→ **Task brief**
Output the data unchanged and complete, minus the images.

→ **Records provided**

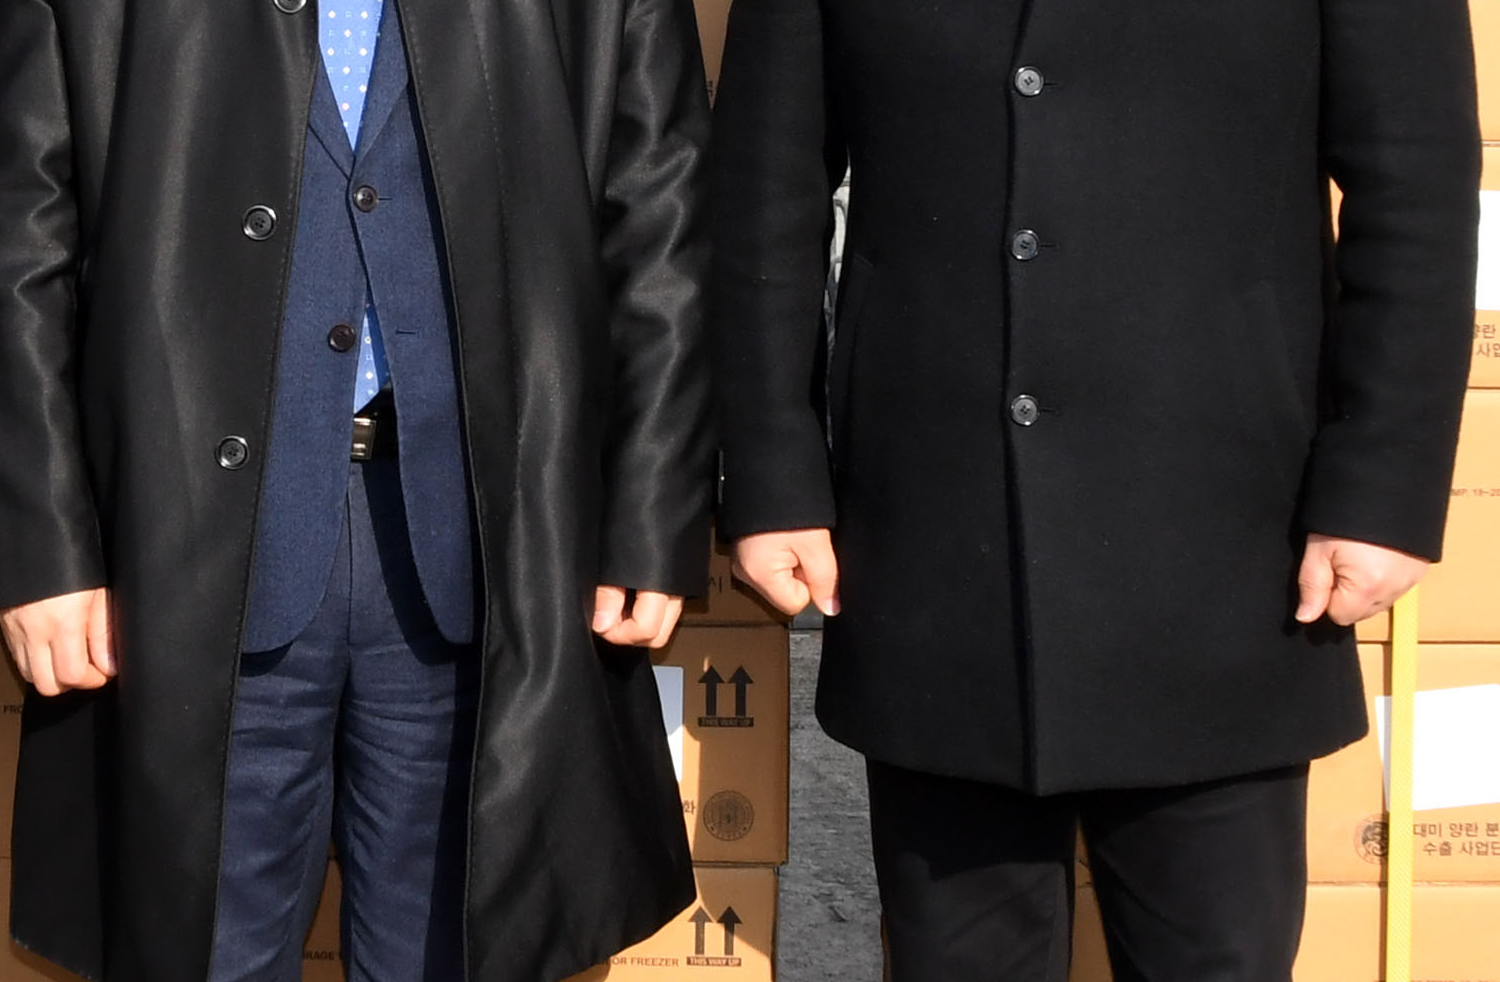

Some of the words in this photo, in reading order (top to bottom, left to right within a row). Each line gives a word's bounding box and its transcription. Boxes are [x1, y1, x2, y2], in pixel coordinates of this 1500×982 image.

[1413, 823, 1442, 837] 대미
[1449, 823, 1478, 837] 양란
[1422, 841, 1452, 857] 수출
[611, 956, 627, 966] OR
[630, 956, 679, 966] FREEZER

→ **Answer for the task**
Some of the words in this photo, in reading order (top to bottom, left to right within a row). Each line gives a word's bounding box and its transcription. Boxes are [x1, y1, x2, y2], in pixel coordinates of this 1500×982 image.

[1413, 823, 1442, 837] 대미
[1449, 823, 1478, 837] 양란
[1422, 841, 1452, 857] 수출
[611, 956, 627, 966] OR
[630, 956, 679, 966] FREEZER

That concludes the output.